Alchemy was not restricted to one culture or group. So among the many traditions it should be possible to find one that resonates for your personal alchemy. Any technique or practice the is going to be effective for personal change must be one you can feel comfortable with from he start.
For hundreds of years alchemists toiled in their laboratories to produce a mythical substance known as the philosopher’s stone. The supposedly dense, waxy, red material was said to enable the process that has become synonymous with alchemy—chrysopoeia, the metamorphosis, or transmutation, of base metals such as lead into gold. We now know that their efforts at the physical level were in vain but on the spiritual, philosophical and psychological levels, hey have left a rich legacy for us to explore.
Hellenist Egypt
The start of western alchemy is generally be traced to Hellenistic Egypt, where the city of Alexandria was a center of knowledge through most of the Greek and Roman periods. Here, elements of technology, religion, mythology, and Hellenistic philosophy, each with their own much longer histories, combined to form the earliest traditions. Zosimos of Panopolis was an Egyptian alchemist and Gnostic mystic who lived around the the end of the 3rd and beginning of the 4th century AD. He wrote the oldest known books on alchemy, which he called “Cheirokmeta,” using the Greek word for “things made by hand.” Pieces of this work survive in the original Greek and Syriac and Arabic translations.
India
The use of the element mercury for alchemy is first documented in the 3rd– or 4th–century Arthashastra an encyclopedic volume on political economy, social issues and other subjects. Buddhist texts from the 2nd to 5th centuries mention the transmutation of base metals to gold.
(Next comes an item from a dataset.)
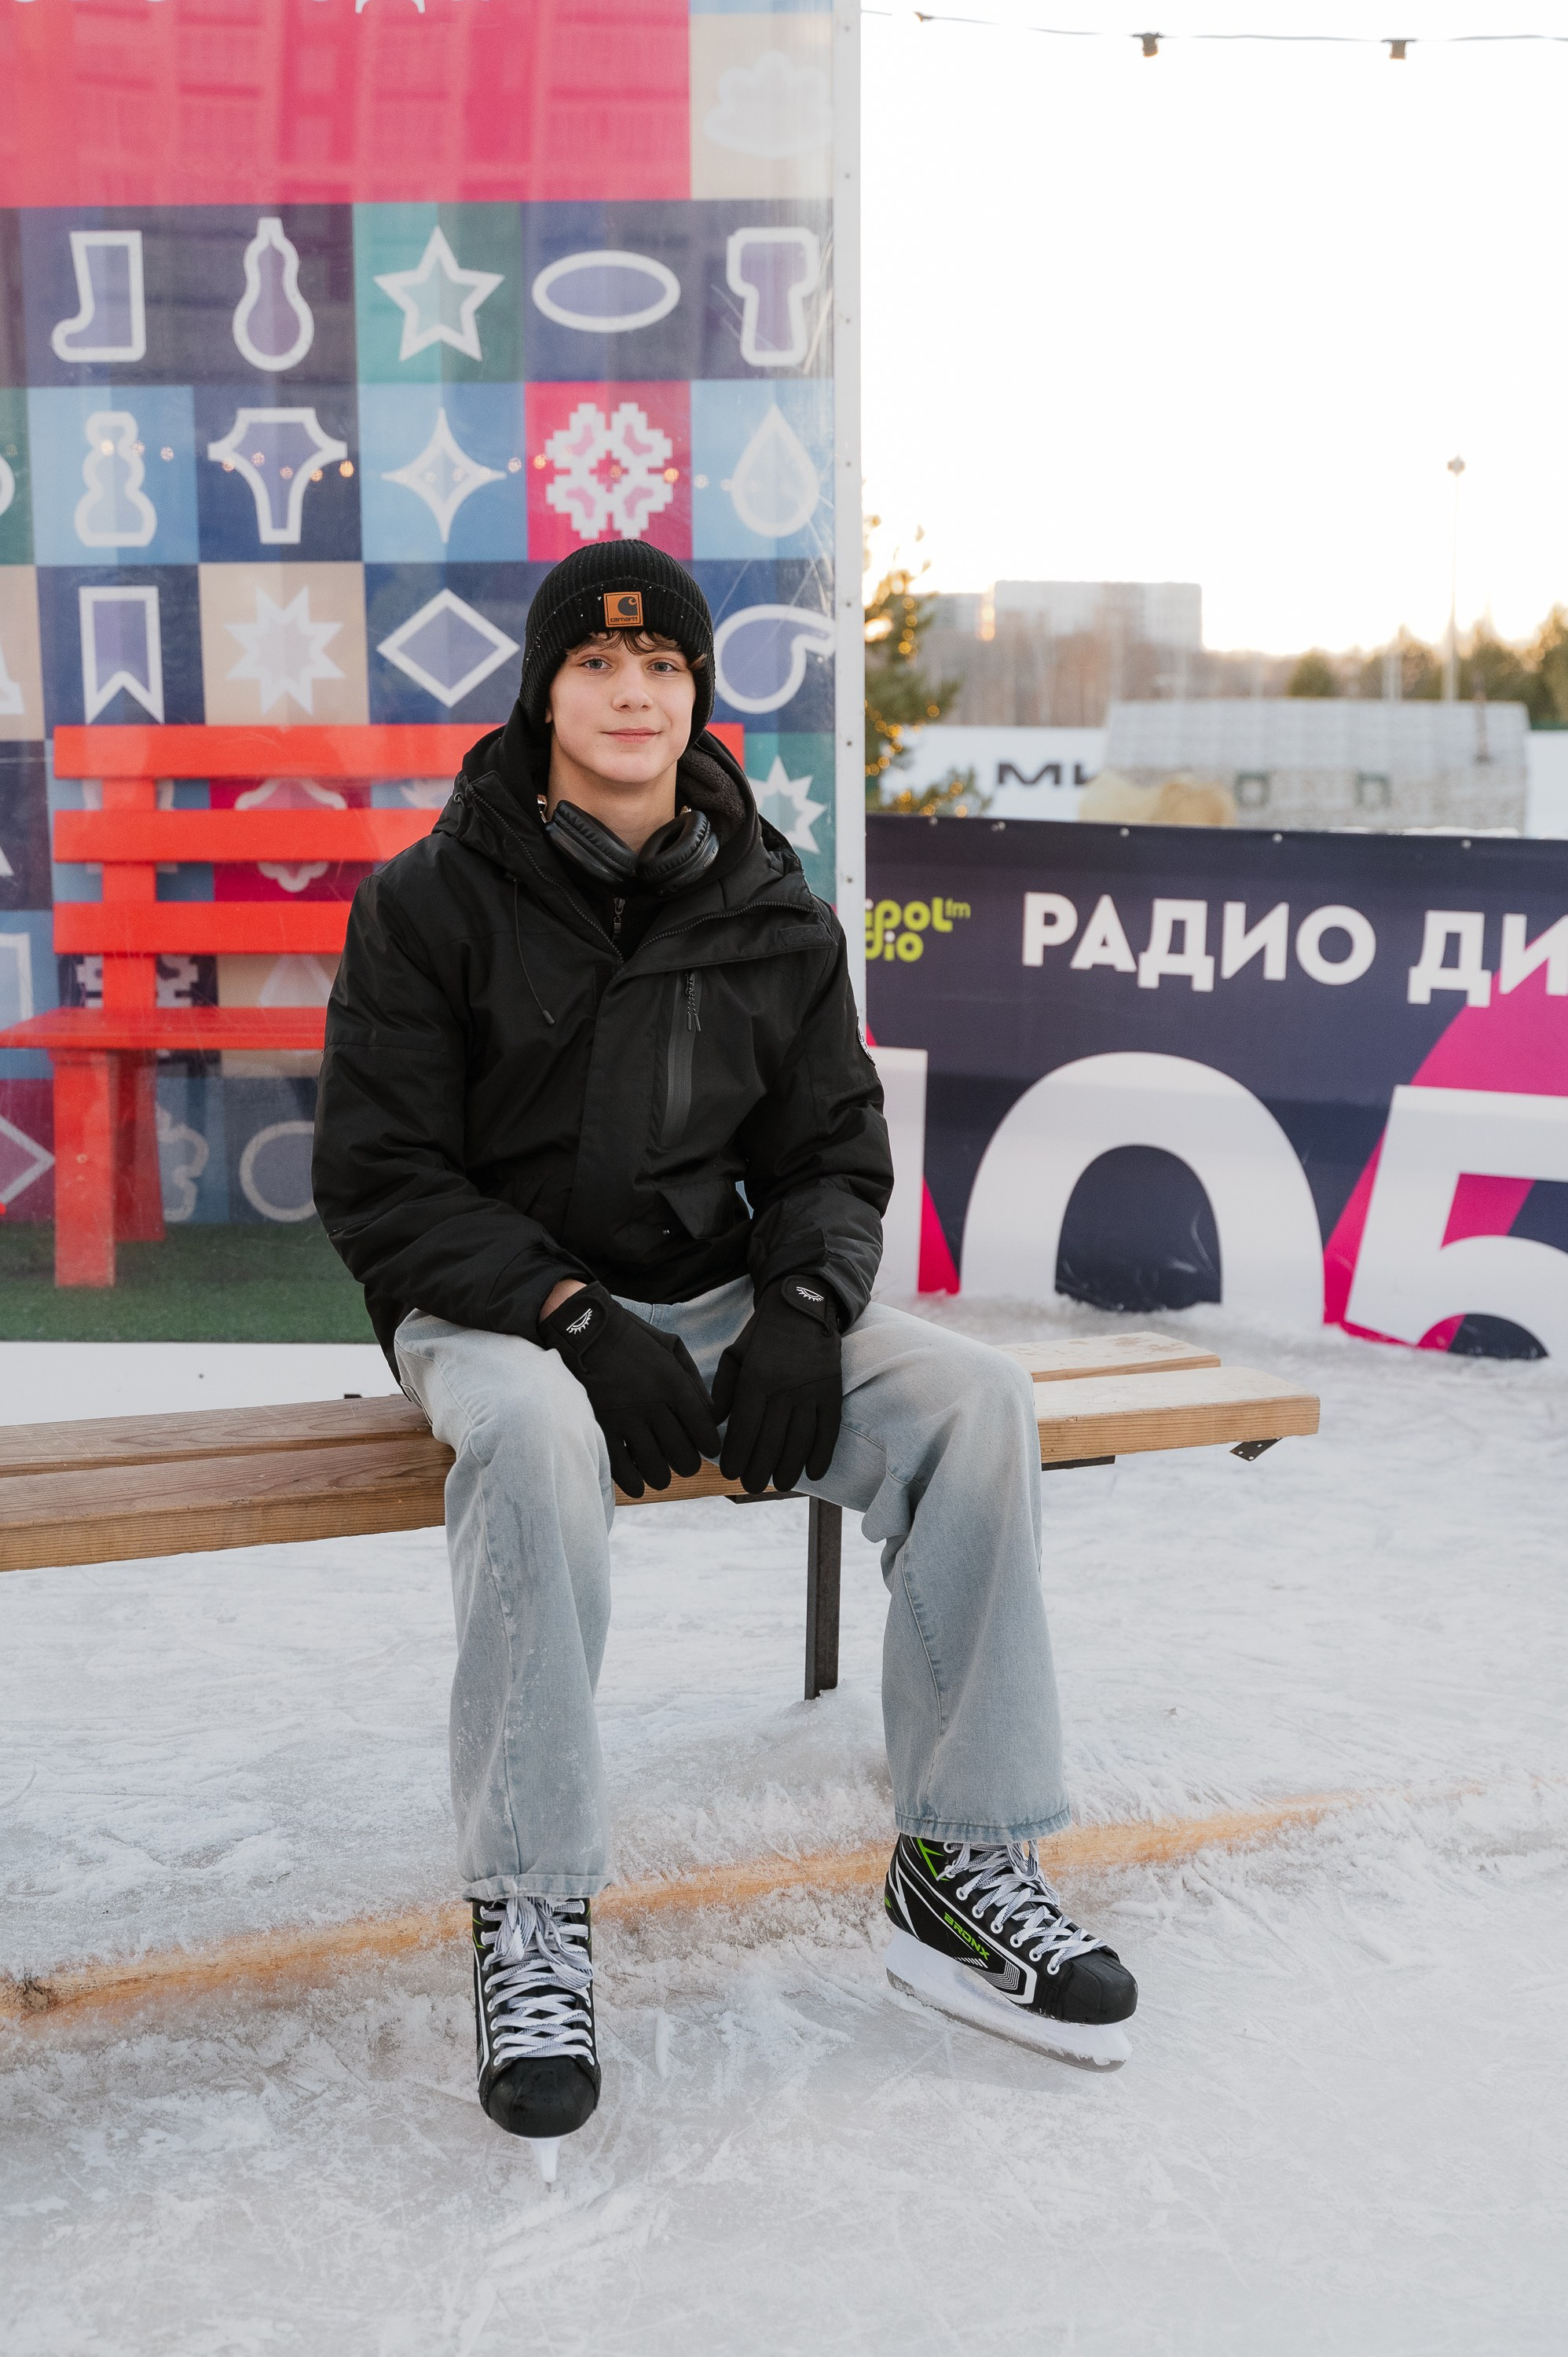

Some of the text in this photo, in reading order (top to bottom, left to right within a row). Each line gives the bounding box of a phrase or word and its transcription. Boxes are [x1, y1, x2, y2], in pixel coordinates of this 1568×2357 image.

The 11th-century Persian chemist and physician Abū Rayḥān Al-Bīrūnī, visited the province of Gujarat and wrote
“They have a science similar to alchemy which is quite peculiar to them, which in Sanskrit is called Rasayāna and in Persian Rasavātam. It means the art of obtaining/manipulating Rasa: nectar, mercury, and juice. This art was restricted to certain operations, metals, drugs, compounds, and medicines, many of which have mercury as their core element. Its principles restored the health of those who were ill beyond hope and gave back youth to fading old age.”
So there was a health and medicine component in Indian alchemy. Additional goals of alchemy in India included the creation of a divine body (Sanskrit divya-deham) and immortality while still embodied (Sanskrit jīvan-mukti).
Muslim world
After the fall of the Roman Empire, alchemical development moved to the Islamic World. The roots of Muslim alchemy came from the Greek. Arab scholars saved and preserved the Hellenistic works that were otherwise lost, translating them, creating commentaries on Greek authors and incorporating many of their theories and technical terms into Arabic alchemy works. This extensive writing is why much more is known about Islamic alchemy because it was better documented. This knowledge came partly through direct contact in Egypt, partly through the medium of Syrian Christian translators, and partly by way of Persia. Persian influence is evident through linguistic clues in technical terms and in names of minerals. Noticeably, many of the principal Muslim alchemists were Persians. The word alchemy itself was derived from the Arabic word al-kīmiyā’ (الكيمياء).
China
Whereas European alchemy eventually centered on the transmutation of base metals into noble metals, Chinese alchemy had a more obvious connection to medicine. The philosopher’s stone of European alchemists can be compared to the Grand Elixir of Immortality sought by Chinese alchemists. However, in the hermetic view, these two goals were not unconnected, and the philosopher’s stone was often equated with the universal panacea; therefore, the two traditions may have had more in common than initially appears.
Black powder may have been an important invention of Chinese alchemists. As previously stated above, Chinese alchemy was more related to medicine. It is said that the Chinese invented gunpowder while trying to find a potion for eternal life. Described in 9th-century texts[citation needed] and used in fireworks in China by the 10th century[citation needed], it was used in cannons by 1290[citation needed]. From China, the use of gunpowder spread to Japan, the Mongols, the Muslim world, and Europe. Gunpowder was used by the Mongols against the Hungarians in 1241, and in Europe by the 14th century.
Chinese alchemy was closely connected to Taoist forms of traditional Chinese medicine, such as Acupuncture and Moxibustion, and to martial arts such as Tai Chi Chuan[citation needed] and Kung Fu (although some Tai Chi schools believe that their art derives from the philosophical or hygienic branches of Taoism, not Alchemical). In fact, in the early Song dynasty, followers of this Taoist idea (chiefly the elite and upper class) would ingest mercuric sulfide, which, though tolerable in low levels, led many to suicide[citation needed]. Thinking that this consequential death would lead to freedom and access to the Taoist heavens, the ensuing deaths encouraged people to eschew this method of alchemy in favor of external sources[citation needed](the aforementioned Tai Chi Chuan[citation needed], mastering of the qi[citation needed], etc.).